Fradusta glacier, イタリアのパレ・ディ・サン・マルティーノにある氷河
フラドゥスタ氷河は、イタリアのドロミテ山脈にあるパレ・ディ・サン・マルティーノの高台に位置する氷河です。標高約2,650メートルにあり、裸の岩とモレーンに囲まれ、その前端には小さな融解水の湖が形成されています。
20世紀、フラドゥスタ氷河はドロミテ山脈で最大級の氷河の一つであり、現在よりもはるかに広い面積を覆っていました。それ以来、氷の質量の約90%を失い、この地域で最も顕著な氷河退行の例の一つとなっています。
現在、この氷河は、山岳環境の気候変動を追跡する研究者の調査地として使われています。地元の機関は、氷が季節の変化や温暖化の傾向にどう反応するかを記録するために、定期的に測定を行っています。

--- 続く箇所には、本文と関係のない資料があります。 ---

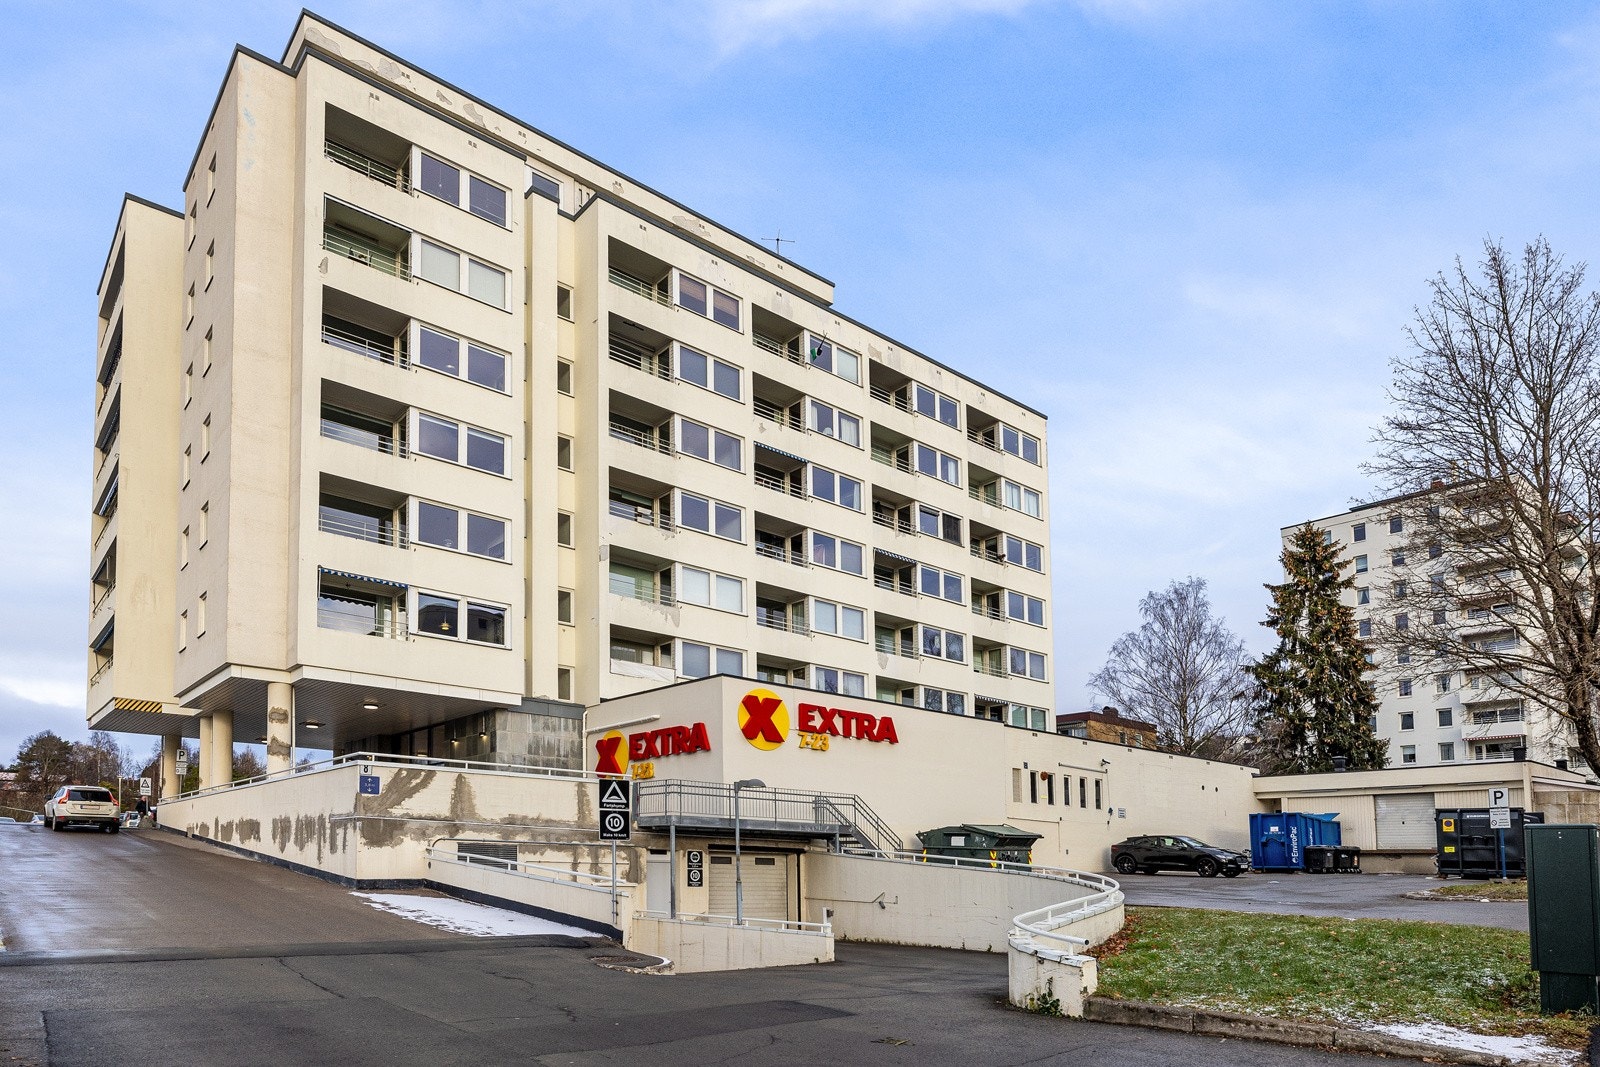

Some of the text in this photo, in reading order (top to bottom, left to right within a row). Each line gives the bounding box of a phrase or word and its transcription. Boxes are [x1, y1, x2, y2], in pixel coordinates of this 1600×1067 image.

[741, 694, 899, 744] X EXTRA
[629, 722, 711, 761] EXTRA
[797, 731, 829, 751] 7-23
[178, 750, 185, 760] P
[1493, 790, 1504, 805] P
[610, 818, 620, 827] 10
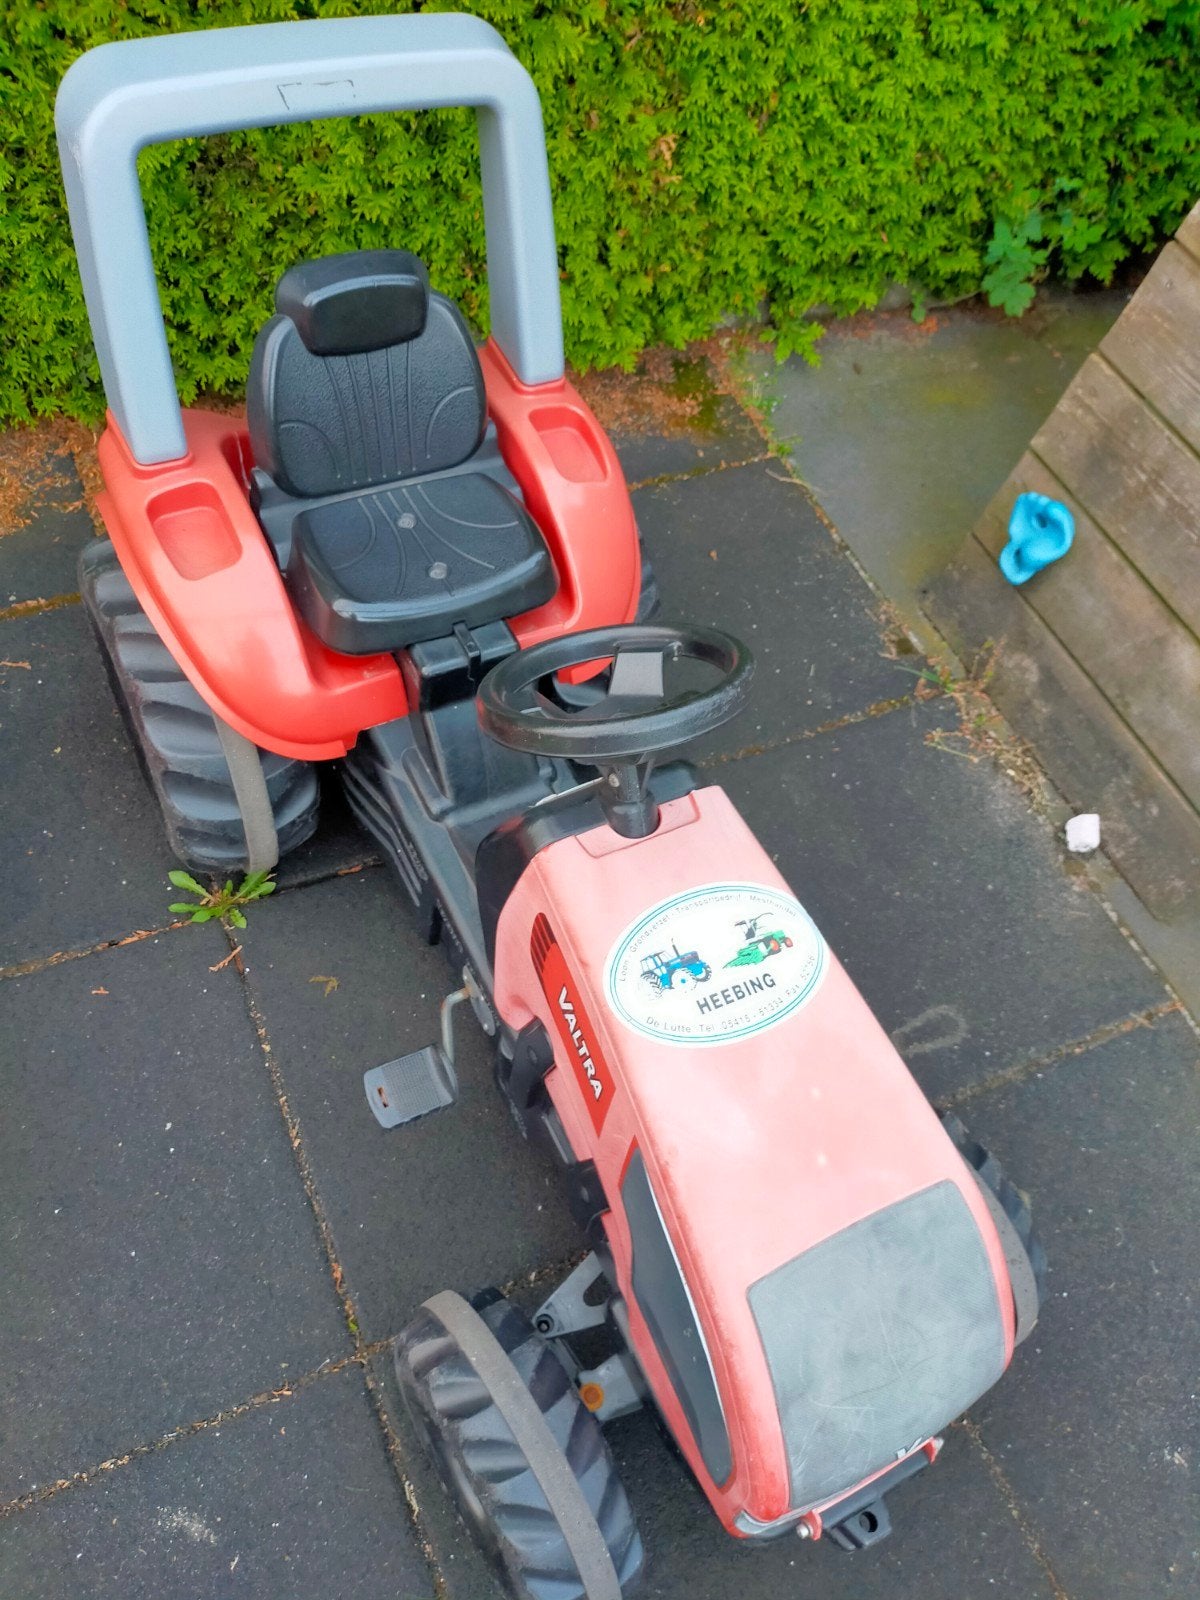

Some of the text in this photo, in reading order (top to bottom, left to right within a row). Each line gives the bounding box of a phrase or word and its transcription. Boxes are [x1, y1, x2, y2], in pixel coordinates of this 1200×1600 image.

[696, 973, 777, 1015] HEEBING
[559, 984, 603, 1102] VALTRA
[646, 1016, 660, 1028] De

サン・マルティーノ・ディ・カストロッツァからロゼッタ駅までケーブルカーに乗り、その後、高原を横切る標識のあるトレイルをたどって氷河に到達できます。高原の天候は急速に変わることがあるため、季節を問わず暖かい服装と丈夫な靴を用意してください。
氷河の下の岩はカルスト石灰岩で、不均一に動くため、氷の前面が滑らかな壁を形成するのではなく、不規則な形にひび割れ、砕けます。場所によっては、氷が融解水湖の上に約10メートル(33フィート)の高さまで達してから割れます。